Pertama, pemerintah sekiranya bisa membantu meringankan pengusaha hotel dan restoran dengan memberikan pelonggaran pajak dan retribusi daerah, biaya listrik, kewajiban perbankan, subsidi gaji pegawai, tarif sewa, dan sebagainya. Sebab, meskipun tidak beroperasi, pengusaha tetap harus membayar semua biaya tersebut.

Kedua, pemerintah harus siap dengan konsekuensi untuk memberikan stimulus-stimulus ekonomi yang dibutuhkan para pelaku usaha agar tetap menjalankan kegiatan ekonomi di tengah berlangsungnya PPKM Level 4. Stimulus bagi pelaku usaha yang diharapkan antara lain berupa stimulus permodalan dan kredit. Dalam hal ini, harus ada stimulus berupa penyuntikan modal baru kepada pelaku usaha yang terdampak PPKM darurat, khususnya UMKM. Stimulus ini idealnya diperbesar agar penerimanya juga lebih banyak.

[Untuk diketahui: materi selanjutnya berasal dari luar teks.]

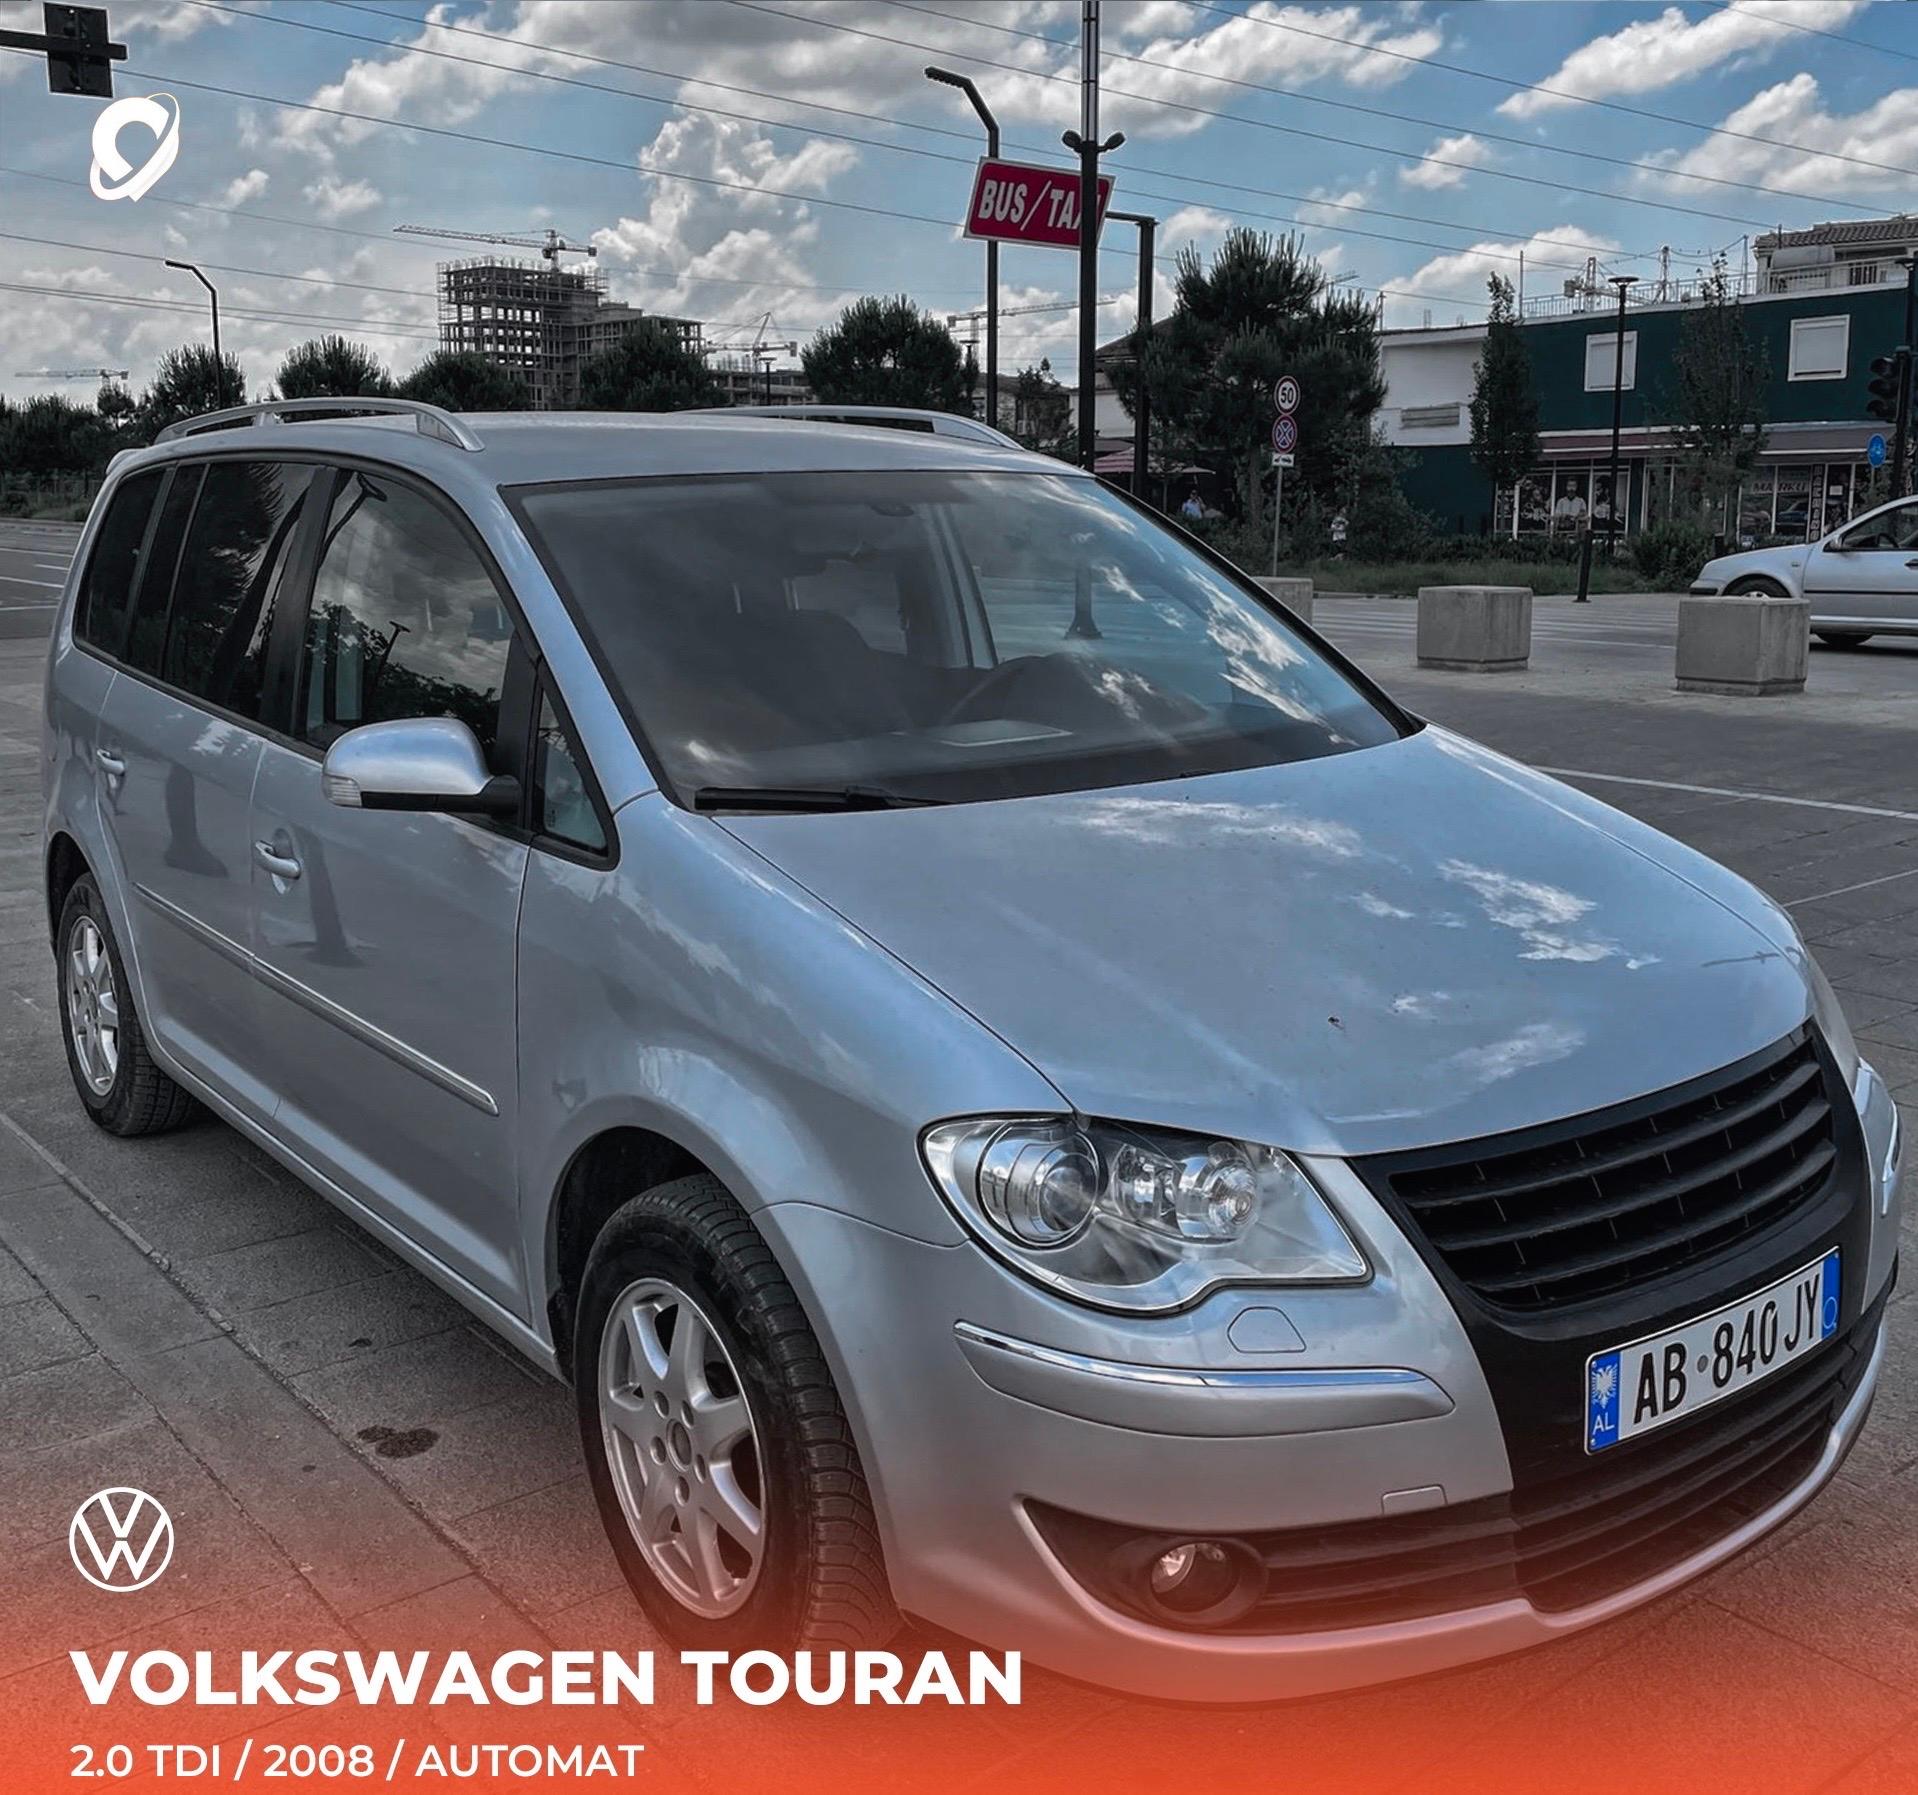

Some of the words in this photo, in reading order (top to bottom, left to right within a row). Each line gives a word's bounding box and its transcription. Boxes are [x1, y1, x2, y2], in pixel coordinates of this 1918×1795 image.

Ketiga, akselerasi program vaksinasi dan penguatan kapasitas pengujian, pelacakan dan perawatan diharapkan akan membantu untuk melandaikan kasus harian, serta menekan kasus aktif Covid-19. Selebihnya, pemerintah perlu melakukan pergeseran (refocusing) anggaran Penanganan Covid-19 dan Pemulihan Ekonomi Nasional (PCPEN) dan memperkuat APBN untuk merespons dampak negatif peningkatan kasus Covid-19 terhadap perekonomian.

Keempat, pemerintah pusat dan daerah perlu lebih serius dan ketat dalam penanganan PPKM Level 4 ini, agar wabah tidak meluas ke daerah lain. Apabila pemerintah dapat melandaikan kasus harian Covid-19 nasional sesuai dengan jadwal awal dari 20 – 25 Juli, maka pemulihan ekonomi diperkirakan akan lebih cepat terealisasi.

Berangkat dari keempat solusi yang penulis tawarkan dalam proses pemulihan ekonomi dan kesehatan di tengah PPKM level 4, besar kemungkinan jika diaplikasikan secara seksama dan bijak akan berpotensi meringankan dan mengeluarkan bangsa dan negeri ini dari krisis pandemi covid-19. Untuk itu, saatnya kita bersatu untuk mentaati aturan yang ada, sebagai bentuk kepatuhan, sekaligus kesadaran agar pemulihan ekonomi dan kesehatan negeri ini cepat tercapai sesuai dengan target dan bangsa ini bisa segera keluar dari krisis pandemi covid-19.